◆ Task details:
An exact copy of the records below is required, and it must contain no pictures.

──────── Data to process

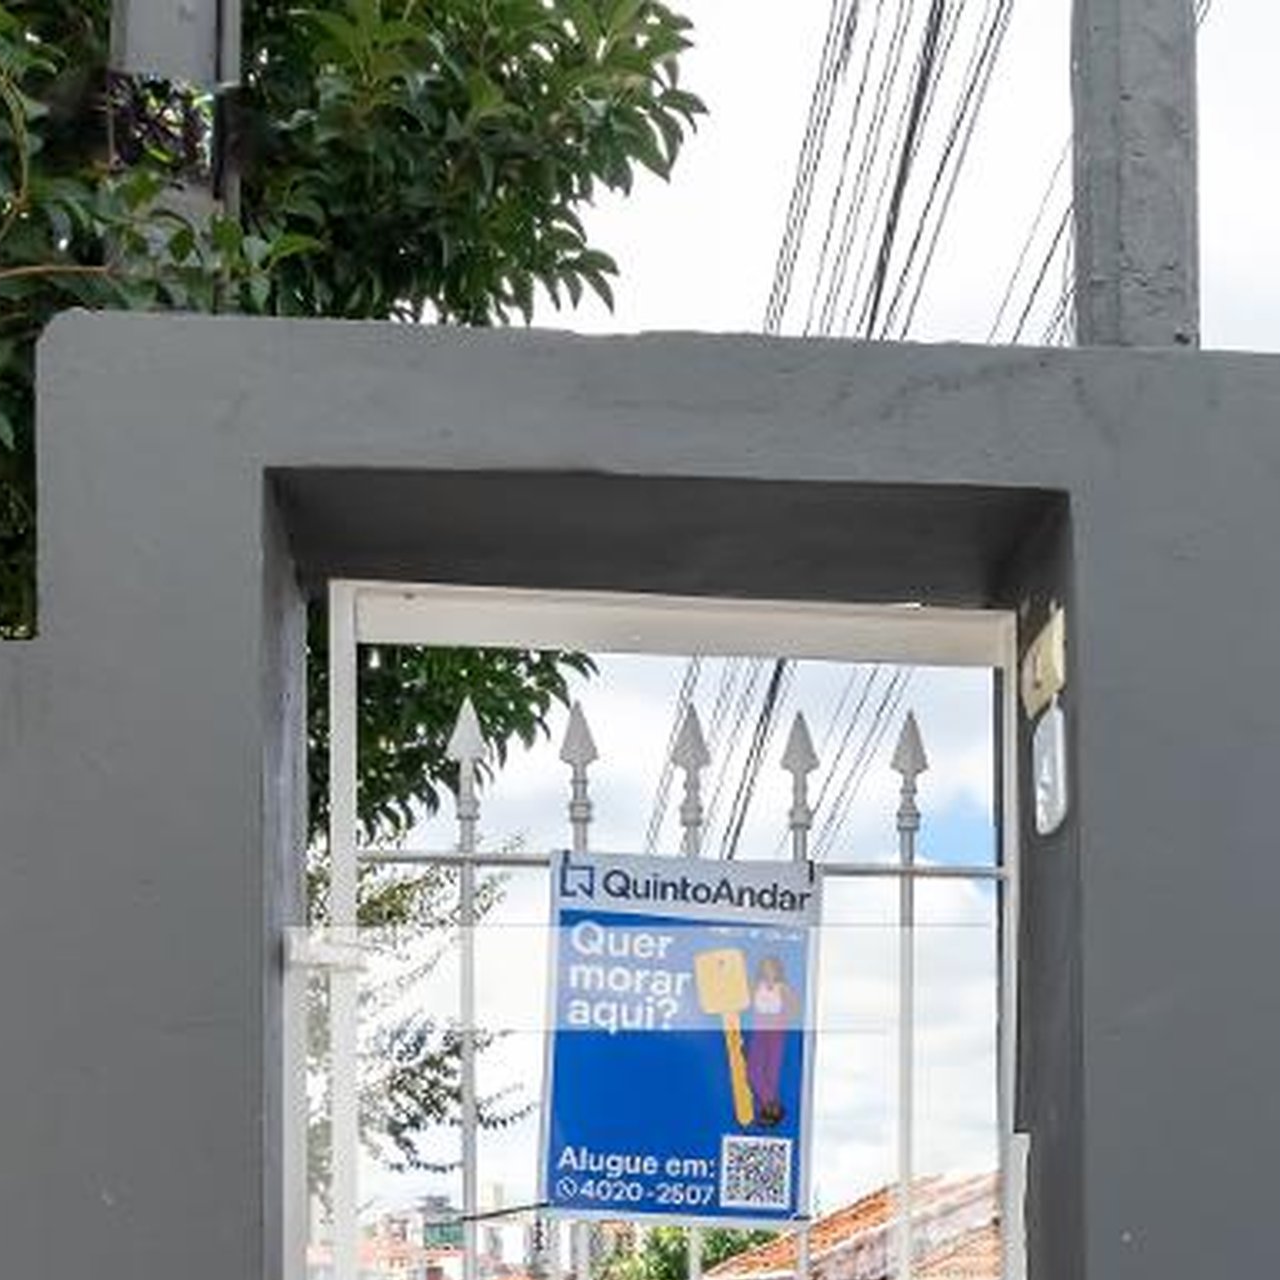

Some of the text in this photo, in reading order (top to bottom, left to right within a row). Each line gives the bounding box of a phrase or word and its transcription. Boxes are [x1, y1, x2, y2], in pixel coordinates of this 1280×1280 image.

[602, 868, 812, 912] QuintoAndar
[571, 920, 674, 958] Quer
[570, 965, 692, 996] morar
[567, 995, 679, 1035] aqui?
[557, 1146, 715, 1179] Alugue em:

────────────────

◆ Finished exercise:
Some of the text in this photo, in reading order (top to bottom, left to right within a row). Each line gives the bounding box of a phrase or word and its transcription. Boxes are [x1, y1, x2, y2], in pixel coordinates of this 1280×1280 image.

[602, 868, 812, 912] QuintoAndar
[571, 920, 674, 958] Quer
[570, 965, 692, 996] morar
[567, 995, 679, 1035] aqui?
[557, 1146, 715, 1179] Alugue em:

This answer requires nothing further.